* [EXERCISE MATERIAL]
◆ ◆ ◆

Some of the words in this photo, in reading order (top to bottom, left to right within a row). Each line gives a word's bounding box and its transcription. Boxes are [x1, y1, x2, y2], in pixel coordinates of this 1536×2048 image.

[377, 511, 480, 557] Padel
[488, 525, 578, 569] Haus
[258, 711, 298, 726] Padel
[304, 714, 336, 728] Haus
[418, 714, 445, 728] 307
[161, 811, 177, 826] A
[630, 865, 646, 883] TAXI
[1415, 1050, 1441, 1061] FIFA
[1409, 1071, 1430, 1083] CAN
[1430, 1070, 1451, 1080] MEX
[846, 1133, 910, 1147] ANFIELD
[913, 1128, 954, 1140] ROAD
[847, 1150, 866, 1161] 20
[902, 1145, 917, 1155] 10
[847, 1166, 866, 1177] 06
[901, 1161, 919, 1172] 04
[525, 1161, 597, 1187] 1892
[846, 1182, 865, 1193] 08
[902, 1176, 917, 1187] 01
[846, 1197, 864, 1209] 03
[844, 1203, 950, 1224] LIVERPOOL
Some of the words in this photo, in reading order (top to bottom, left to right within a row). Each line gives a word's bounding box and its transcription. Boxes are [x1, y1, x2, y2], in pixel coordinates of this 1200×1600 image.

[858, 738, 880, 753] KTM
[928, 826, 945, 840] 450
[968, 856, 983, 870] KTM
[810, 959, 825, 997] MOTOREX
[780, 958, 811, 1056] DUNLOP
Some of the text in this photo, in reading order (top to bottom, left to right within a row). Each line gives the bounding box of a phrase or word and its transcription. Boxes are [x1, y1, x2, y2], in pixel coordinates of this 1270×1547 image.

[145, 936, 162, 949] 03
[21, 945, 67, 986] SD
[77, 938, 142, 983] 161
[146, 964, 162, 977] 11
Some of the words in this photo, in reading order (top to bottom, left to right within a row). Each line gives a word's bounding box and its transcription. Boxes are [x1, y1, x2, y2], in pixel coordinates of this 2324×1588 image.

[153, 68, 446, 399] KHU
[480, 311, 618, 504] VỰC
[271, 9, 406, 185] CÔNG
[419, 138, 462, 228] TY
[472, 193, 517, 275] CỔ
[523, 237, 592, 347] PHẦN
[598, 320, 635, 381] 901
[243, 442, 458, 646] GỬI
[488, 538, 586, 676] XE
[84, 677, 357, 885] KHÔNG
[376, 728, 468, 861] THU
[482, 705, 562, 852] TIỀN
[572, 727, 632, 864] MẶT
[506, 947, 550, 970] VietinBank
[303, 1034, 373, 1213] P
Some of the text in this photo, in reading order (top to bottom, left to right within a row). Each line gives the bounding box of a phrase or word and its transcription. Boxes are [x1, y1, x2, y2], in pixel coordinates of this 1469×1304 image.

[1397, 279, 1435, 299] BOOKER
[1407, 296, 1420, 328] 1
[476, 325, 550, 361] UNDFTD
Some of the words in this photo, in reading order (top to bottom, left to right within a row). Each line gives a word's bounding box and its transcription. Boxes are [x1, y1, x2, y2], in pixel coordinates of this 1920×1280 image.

◆ ◆ ◆

* [ACTIVITY]
Copy the entries above exactly. Miss none of them.

* [REPLY]
Some of the words in this photo, in reading order (top to bottom, left to right within a row). Each line gives a word's bounding box and its transcription. Boxes are [x1, y1, x2, y2], in pixel coordinates of this 1536×2048 image.

[377, 511, 480, 557] Padel
[488, 525, 578, 569] Haus
[258, 711, 298, 726] Padel
[304, 714, 336, 728] Haus
[418, 714, 445, 728] 307
[161, 811, 177, 826] A
[630, 865, 646, 883] TAXI
[1415, 1050, 1441, 1061] FIFA
[1409, 1071, 1430, 1083] CAN
[1430, 1070, 1451, 1080] MEX
[846, 1133, 910, 1147] ANFIELD
[913, 1128, 954, 1140] ROAD
[847, 1150, 866, 1161] 20
[902, 1145, 917, 1155] 10
[847, 1166, 866, 1177] 06
[901, 1161, 919, 1172] 04
[525, 1161, 597, 1187] 1892
[846, 1182, 865, 1193] 08
[902, 1176, 917, 1187] 01
[846, 1197, 864, 1209] 03
[844, 1203, 950, 1224] LIVERPOOL
Some of the words in this photo, in reading order (top to bottom, left to right within a row). Each line gives a word's bounding box and its transcription. Boxes are [x1, y1, x2, y2], in pixel coordinates of this 1200×1600 image.

[858, 738, 880, 753] KTM
[928, 826, 945, 840] 450
[968, 856, 983, 870] KTM
[810, 959, 825, 997] MOTOREX
[780, 958, 811, 1056] DUNLOP
Some of the text in this photo, in reading order (top to bottom, left to right within a row). Each line gives the bounding box of a phrase or word and its transcription. Boxes are [x1, y1, x2, y2], in pixel coordinates of this 1270×1547 image.

[145, 936, 162, 949] 03
[21, 945, 67, 986] SD
[77, 938, 142, 983] 161
[146, 964, 162, 977] 11
Some of the words in this photo, in reading order (top to bottom, left to right within a row). Each line gives a word's bounding box and its transcription. Boxes are [x1, y1, x2, y2], in pixel coordinates of this 2324×1588 image.

[153, 68, 446, 399] KHU
[480, 311, 618, 504] VỰC
[271, 9, 406, 185] CÔNG
[419, 138, 462, 228] TY
[472, 193, 517, 275] CỔ
[523, 237, 592, 347] PHẦN
[598, 320, 635, 381] 901
[243, 442, 458, 646] GỬI
[488, 538, 586, 676] XE
[84, 677, 357, 885] KHÔNG
[376, 728, 468, 861] THU
[482, 705, 562, 852] TIỀN
[572, 727, 632, 864] MẶT
[506, 947, 550, 970] VietinBank
[303, 1034, 373, 1213] P
Some of the text in this photo, in reading order (top to bottom, left to right within a row). Each line gives the bounding box of a phrase or word and its transcription. Boxes are [x1, y1, x2, y2], in pixel coordinates of this 1469×1304 image.

[1397, 279, 1435, 299] BOOKER
[1407, 296, 1420, 328] 1
[476, 325, 550, 361] UNDFTD
Some of the words in this photo, in reading order (top to bottom, left to right within a row). Each line gives a word's bounding box and its transcription. Boxes are [x1, y1, x2, y2], in pixel coordinates of this 1920×1280 image.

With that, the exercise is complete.